In April, Amit Katoch, who heads the New Media Cell at the Ministry of Information & Broadcasting, created a committee to regulate online content. That included both news and entertainment content. The committee mostly comprised bureaucrats — MyGov CEO Arvind Gupta being one of the only two members whose work directly involved the internet. It has been almost two months since that committee was officially formed, and it hasn’t met yet. Nor does it have any plan to. The I&B Ministry said so in response to an RTI application filed by MediaNama. Is the online content regulation committee dead?
Here’s the text of that RTI response:
Kindly refer to your RTI application […] on the above mentioned subject and to say that since the committee has not met yet and as of now, no schedule for future meeting has been finalized/decided, the information in respect of all the four points may be treated as NIL.
When that committee was constituted, Smriti Irani was the Minister for Information & Broadcasting.
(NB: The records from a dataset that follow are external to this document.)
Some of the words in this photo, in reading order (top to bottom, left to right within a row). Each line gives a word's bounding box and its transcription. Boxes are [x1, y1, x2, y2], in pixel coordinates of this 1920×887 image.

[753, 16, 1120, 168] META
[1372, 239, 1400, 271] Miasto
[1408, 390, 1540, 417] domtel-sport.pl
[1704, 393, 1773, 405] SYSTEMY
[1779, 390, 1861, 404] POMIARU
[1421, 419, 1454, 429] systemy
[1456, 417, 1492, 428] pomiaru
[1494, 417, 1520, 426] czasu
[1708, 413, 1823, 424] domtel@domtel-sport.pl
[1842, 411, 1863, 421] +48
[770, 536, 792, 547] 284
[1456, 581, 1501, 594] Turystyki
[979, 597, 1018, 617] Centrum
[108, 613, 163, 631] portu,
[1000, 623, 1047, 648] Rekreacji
She has since been relieved of that portfolio, and the charge has been given to her deputy, Rajyavardhan Rathore, who also heads the Sports Ministry. Rathore, who has been friendly to the film industry, brushed away concerns of impending regulation and didn’t acknowledge the committee in his first press conference as Irani’s successor. He even advocated self-regulation as the best regulatory approach.
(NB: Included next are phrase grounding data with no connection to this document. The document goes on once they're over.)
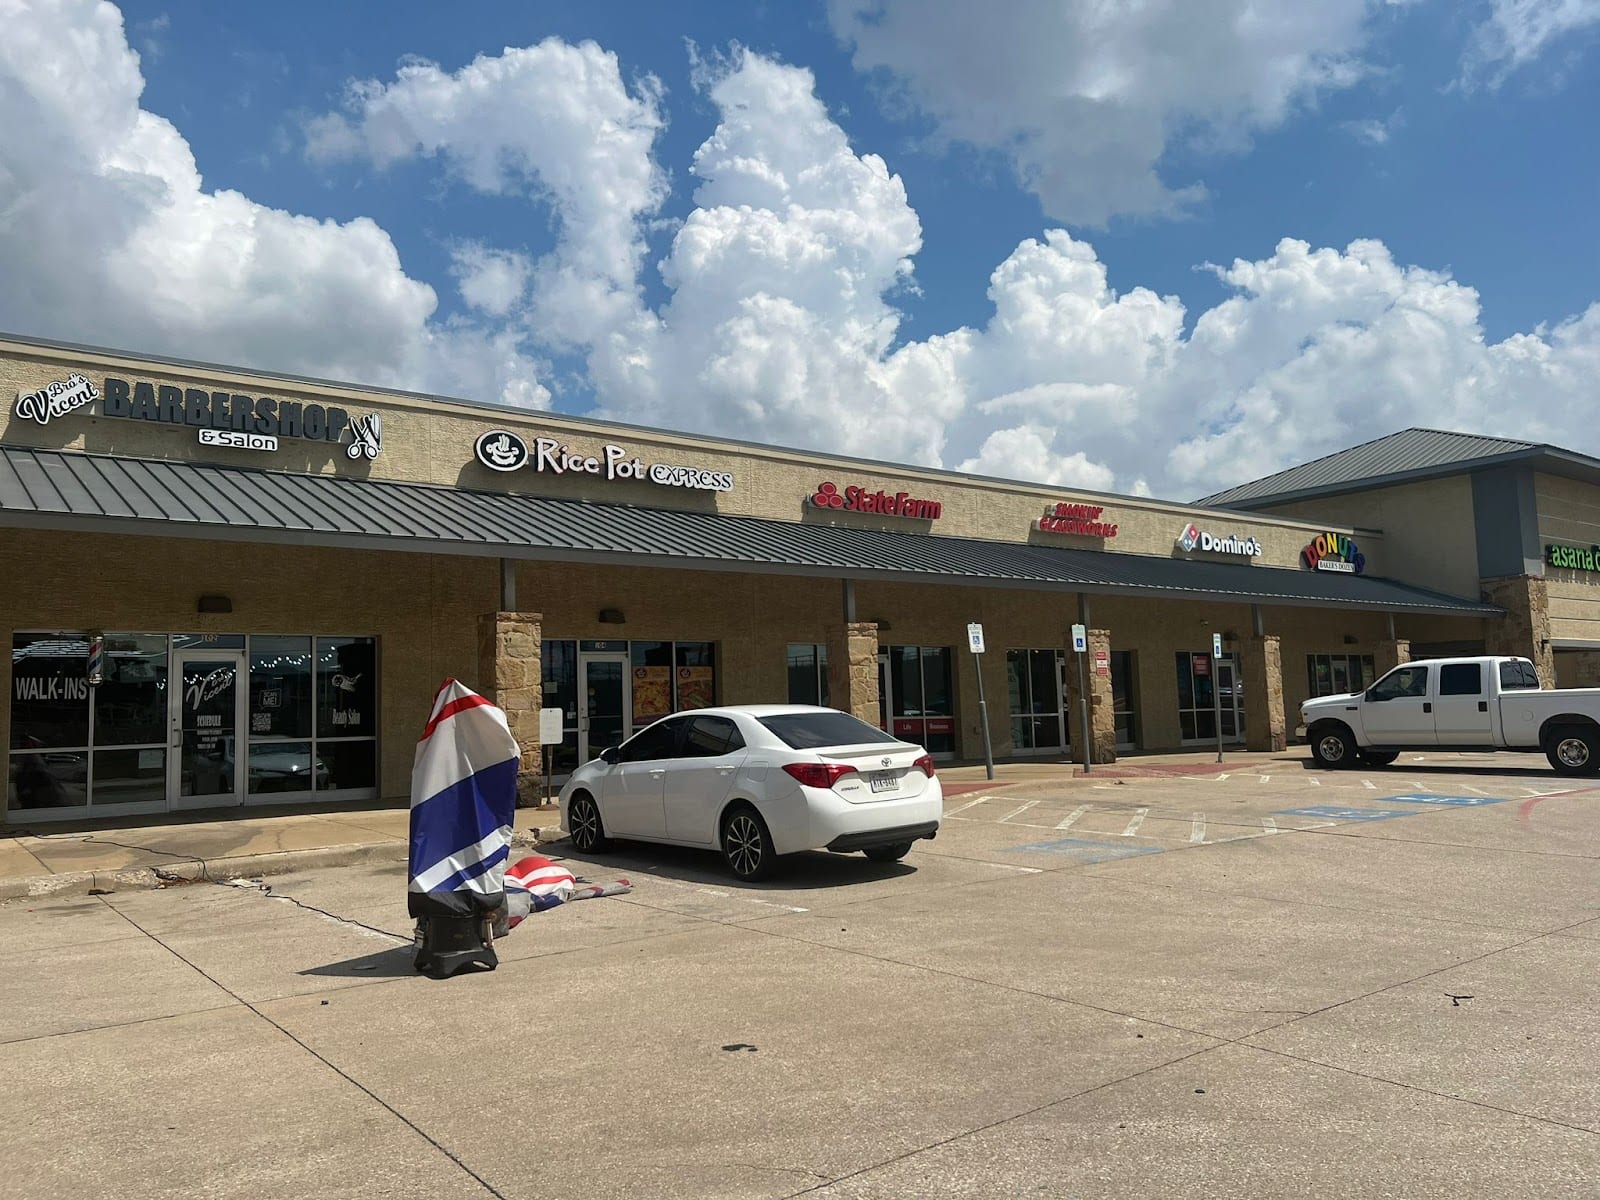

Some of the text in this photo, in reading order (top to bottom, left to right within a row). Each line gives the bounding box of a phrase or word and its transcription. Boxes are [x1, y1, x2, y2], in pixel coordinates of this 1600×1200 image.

[48, 372, 87, 398] Bro's
[17, 381, 99, 423] Vicent
[104, 378, 348, 442] BARBERSHOP
[201, 430, 276, 450] & Salon
[534, 437, 600, 474] Rice
[603, 444, 647, 481] Pot
[1200, 531, 1262, 557] Domino's
[15, 677, 88, 700] WALK-INS
In the past, Rathore has said in response to parliamentary questions that the Ministry has no plans to regulate online content. Even under Irani, the I&B Ministry affirmed twice in response to RTI applications from MediaNama that there were no plans to regulate online content. This was before the constitution of the committee.
In an unsigned editorial, the industry publication IndianTelevision.com said that Rathore should just let the committee “die a natural death“. If the inactivity of the committee is any indication, that may be what is happening.